Despite their notable anticancer efficacy, many established cancer drugs such as Doxorubicin, camptothecin, paclitaxel, gemcitabine, and methotrexate exhibit limited selectivity to target cancer cells over normal cells. Because these conventional chemotherapeutic agents frequently impact both healthy and cancerous cells, they have high side effects constraining their overall therapeutic index. The challenge arises from their inability to selectively target tumor cells with cytotoxic effects while sparing the surrounding healthy tissues. In response to these limitations, peptide-drug conjugate (PDC) strategies have emerged as an innovative category of targeted therapies designed to improve drug delivery and reduce off-target effects. PDCs utilize the specificity of peptides to deliver cytotoxic agents more accurately to cancer cells, thereby improving therapeutic outcomes and reducing adverse side reactions. PDCs employ peptides that selectively bind to overexpressed receptors on tumor cells, enabling targeted therapy with minimal side effects in cancer patients. To successfully synthesize peptide-drug conjugates, it is essential to have a solid understanding of the active site of the drug, recognition site of the peptide, and where the drug will be release inside the tumor cells.

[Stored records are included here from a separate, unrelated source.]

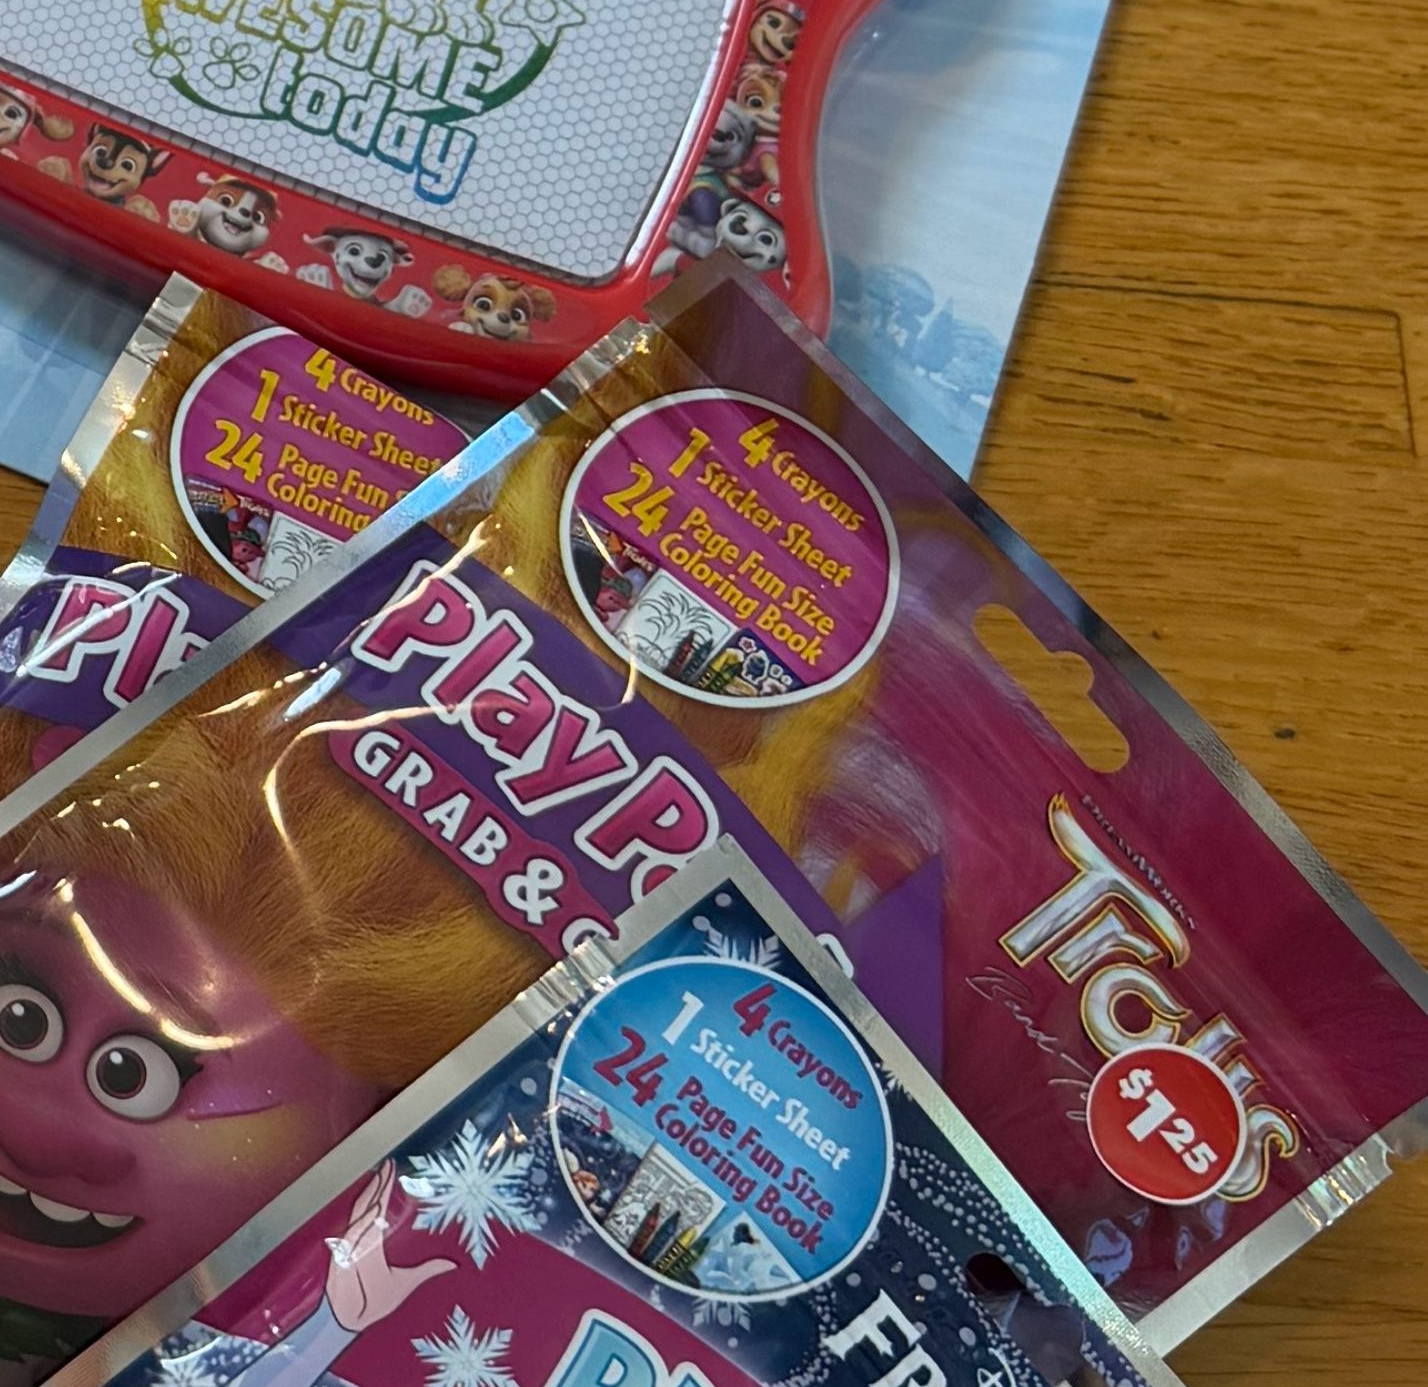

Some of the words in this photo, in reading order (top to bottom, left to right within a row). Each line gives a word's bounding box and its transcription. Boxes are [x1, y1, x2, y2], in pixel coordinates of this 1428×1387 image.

[261, 46, 479, 206] today
[204, 419, 266, 484] 24
[277, 445, 340, 493] Page
[341, 468, 390, 510] Fun
[251, 369, 280, 425] 1
[278, 394, 368, 451] Sticker
[305, 348, 338, 393] 4
[339, 366, 435, 427] Crayons
[602, 461, 675, 539] 24
[680, 506, 742, 567] Page
[741, 549, 786, 601] Fun
[780, 581, 837, 638] Size
[667, 426, 712, 479] 1
[695, 460, 783, 536] Sticker
[782, 520, 854, 590] Sheet
[738, 417, 781, 470] 4
[770, 449, 866, 533] Crayons
[658, 531, 760, 621] Coloring
[756, 606, 826, 668] Book
[359, 566, 634, 814] Play
[351, 730, 509, 867] GRAB
[502, 859, 565, 924] &
[592, 1025, 671, 1108] 24
[676, 1075, 737, 1142] Page
[735, 1125, 784, 1179] Fun
[782, 1166, 836, 1222] Size
[661, 990, 705, 1046] 1
[690, 1027, 781, 1111] Sticker
[775, 1098, 852, 1172] Sheet
[732, 982, 778, 1038] 4
[767, 1018, 863, 1111] Crayons
[654, 1103, 757, 1203] Coloring
[754, 1184, 826, 1257] Book

The linker between the drug and the peptide plays a critical role in the stability and release profile of the conjugates, which influence how effectively the drug reaches its target site of action and how it is released within the tumor cells. The choice of linker can determine the pharmacokinetics and bioavailability profiles of PDCs, making it a vital aspect of their design. The review is aimed at providing a comprehensive review of various drug-peptide conjugates with a particular emphasis on the linkers and PDC synthetic methods. Here, we described the advancements PDC chemistries and potential future research areas in drug delivery systems. In addition, we hope to contribute valuable insights into optimizing PDC design for enhanced efficacy in cancer therapy.